La ampliación del Canal de Panamá es de momento un grifo abierto de pérdidas para el Grupo Unidos por el Canal (GUPC), de acuerdo al reporte más reciente de El Confidencial.
Según documentos oficiales que menciona ese medio español, GUPC solicitó un crédito de 117,78 millones de dólares para continuar con los trabajos.
El consorcio lo integran Sacyr junto a la italiana Impregilo, la holandesa Jan de Nul y la panameña Cusa. La constructora española y la italiana tienen cada una el control de 48% de la asociación.
En España habría dudas sobre la viabilidad financiera del importante contrato de Panamá.

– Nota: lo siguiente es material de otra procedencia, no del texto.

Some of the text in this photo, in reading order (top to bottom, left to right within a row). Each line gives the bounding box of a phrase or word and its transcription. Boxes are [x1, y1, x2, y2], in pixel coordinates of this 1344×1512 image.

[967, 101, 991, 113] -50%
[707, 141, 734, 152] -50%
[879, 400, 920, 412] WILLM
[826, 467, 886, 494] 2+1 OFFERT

Sacyr y sus socios se adjudicaron la construcción del tercer juego de esclusas por 3.118 millones de dólares y en diferentes círculos se consideró poca la cifra, porque el presupuesto era mil millones inferior a la segunda oferta.

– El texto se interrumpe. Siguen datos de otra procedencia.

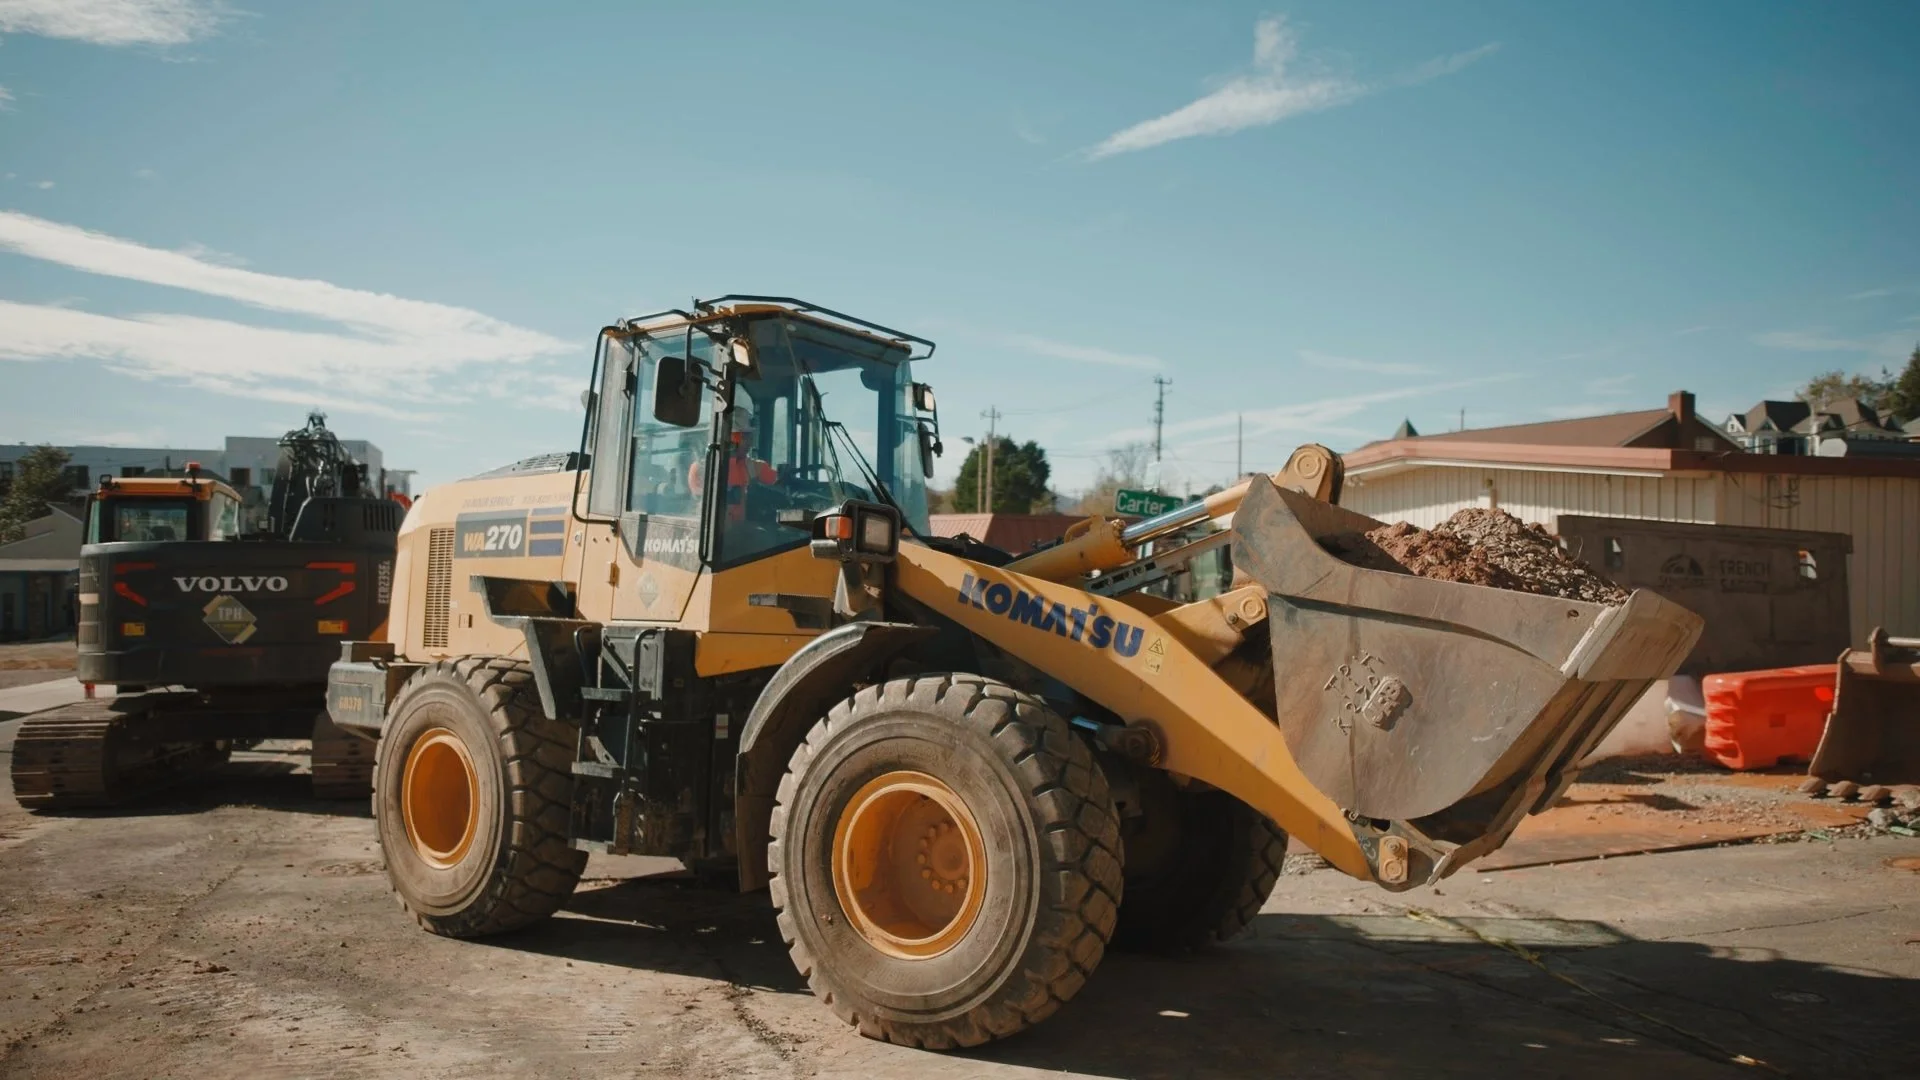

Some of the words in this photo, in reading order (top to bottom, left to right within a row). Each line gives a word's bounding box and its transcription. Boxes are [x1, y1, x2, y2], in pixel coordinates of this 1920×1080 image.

[1116, 492, 1167, 515] Carter
[172, 576, 289, 592] VOLVO
[217, 607, 243, 621] TPH
[957, 573, 1145, 658] KOMATSU

Los sobrecostos que reclama GUPC suman 1.600 millones de dólares y ya fueron rechazados por la Autoridad del Canal de Panamá (ACP).
La ACP abonó 180,55 millones de dólares por variaciones en el precio del acero, así como otros problemas. Adicional, hizo dos pagos anticipados, por un total de 780,5 millones de dólares.
En 2012, GUPC solicitó una línea de crédito especial de 117,787 millones de dólares. Banesco (40 millones de dólares), HSBC (60 millones) y Caterpillar Crédito (27,78 millones) facilitaron el dinero y así el contratista pudo aportar hasta 280 millones de dólares para continuar con la ampliación canalera que ellos mismos amenazan con paralizar.